Data for this task Block Start

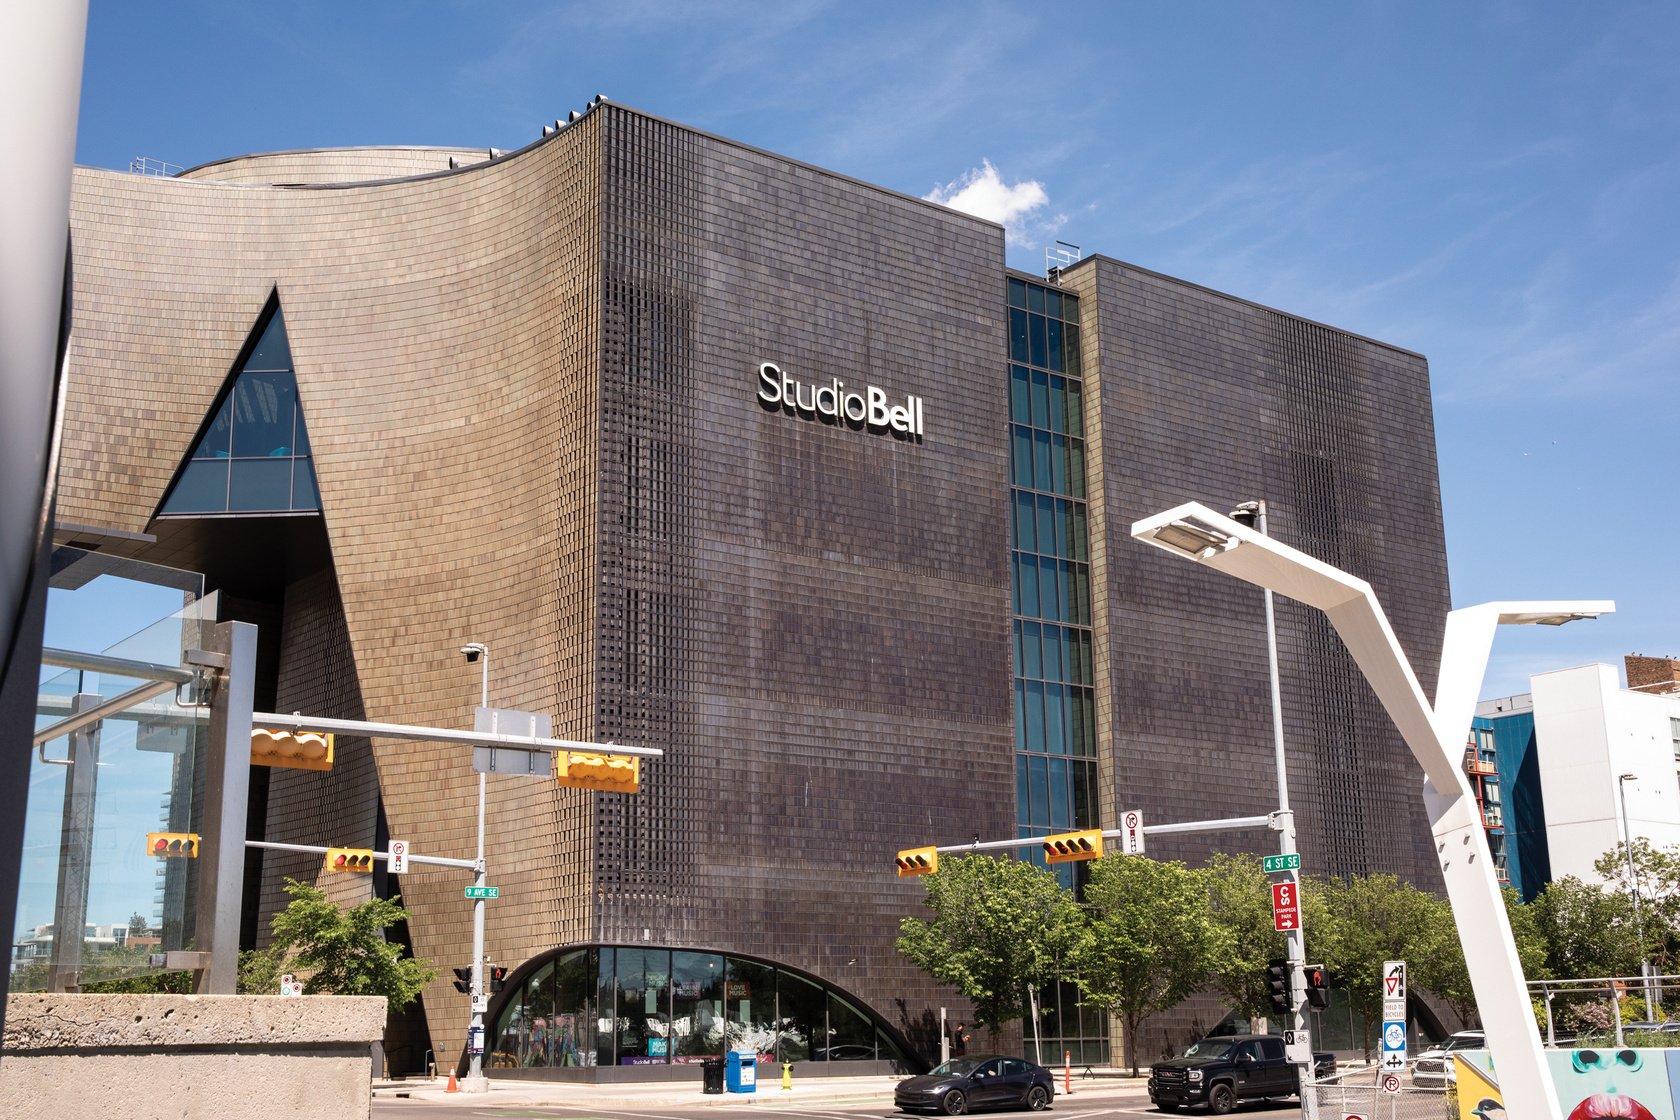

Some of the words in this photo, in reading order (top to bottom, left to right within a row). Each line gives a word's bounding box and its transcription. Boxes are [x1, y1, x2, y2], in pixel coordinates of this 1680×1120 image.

[1266, 859, 1272, 870] 4
[1275, 857, 1284, 869] ST
[1288, 856, 1298, 868] SE
[467, 888, 472, 896] 9
[474, 888, 486, 897] AVE
[488, 889, 497, 897] SE

Data for this task Block End

Omit the pictures. Repeat the rest of the data exactly.

Some of the words in this photo, in reading order (top to bottom, left to right within a row). Each line gives a word's bounding box and its transcription. Boxes are [x1, y1, x2, y2], in pixel coordinates of this 1680×1120 image.

[1266, 859, 1272, 870] 4
[1275, 857, 1284, 869] ST
[1288, 856, 1298, 868] SE
[467, 888, 472, 896] 9
[474, 888, 486, 897] AVE
[488, 889, 497, 897] SE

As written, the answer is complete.